When to Think About Investing
Investing is not the first step. Before putting money into the market:
| Condition | Why It Matters |
|---|---|
| ✅ Emergency fund (4–6 mo) | Protection from forced selling during income loss |
| ✅ No expensive debt (>5%) | Guaranteed "return" higher than market |
| ✅ Stable income | Ability to invest regularly |
| ✅ 5+ year horizon | Time to recover after drops |
For Immigrants
In the first 1–2 years, the priority is stabilization: job, housing, cushion, understanding the system. Investing can wait. This is not "lost time" — it's building the foundation.
Main Instruments
| Instrument | Risk | Historical Return* | Liquidity |
|---|---|---|---|
| Tagesgeld | Low | 2–4% | High |
| Festgeld | Low | 2–4% | Medium |
| Bonds | Low-Medium | 3–5% | High |
| Stock ETFs | Medium-High | 7–10% | High |
| Individual stocks | High | Varies widely | High |
| Real estate | Medium | 3–6% + value growth | Low |
*Past results do not guarantee future returns.
Section Topics
- Depot — investment account (first step)

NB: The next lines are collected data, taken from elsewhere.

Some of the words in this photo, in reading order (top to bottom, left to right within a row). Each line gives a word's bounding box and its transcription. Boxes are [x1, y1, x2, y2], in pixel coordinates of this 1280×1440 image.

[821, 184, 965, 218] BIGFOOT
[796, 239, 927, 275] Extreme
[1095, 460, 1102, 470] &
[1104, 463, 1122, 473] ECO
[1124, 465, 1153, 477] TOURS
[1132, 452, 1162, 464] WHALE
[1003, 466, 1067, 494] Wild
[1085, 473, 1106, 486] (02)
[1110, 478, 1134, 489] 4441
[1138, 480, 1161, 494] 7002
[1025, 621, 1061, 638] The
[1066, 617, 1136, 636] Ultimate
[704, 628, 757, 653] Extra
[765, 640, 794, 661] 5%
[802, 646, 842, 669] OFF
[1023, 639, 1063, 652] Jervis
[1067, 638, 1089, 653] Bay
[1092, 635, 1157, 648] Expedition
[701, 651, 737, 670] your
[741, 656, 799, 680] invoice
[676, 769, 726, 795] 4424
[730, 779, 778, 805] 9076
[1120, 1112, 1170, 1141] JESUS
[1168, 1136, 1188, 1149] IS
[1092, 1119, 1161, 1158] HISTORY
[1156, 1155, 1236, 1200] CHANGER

- ETF — exchange-traded funds (simple path)
- Stocks — individual companies (more complex)
- Bonds — debt securities (conservative)
- Real estate — property investments (separate topic)
Sequence of Steps
1. Emergency fund → priority
↓
2. Pay off expensive debt
↓
3. Depot with a broker
↓
4. Understand instruments (ETF, stocks)
↓
5. Sparplan — regular automatic purchases
Psychological Moment
The desire to "start investing" often comes before the foundation is built. This is normal — you want to feel progress, see growth. But:
- A 30% market drop + job loss = catastrophe without a cushion
- Investing €100/month while having 8% debt — mathematically disadvantageous
- FOMO ("I'll miss the growth!") — bad advisor
The market isn't going anywhere. Foundation first.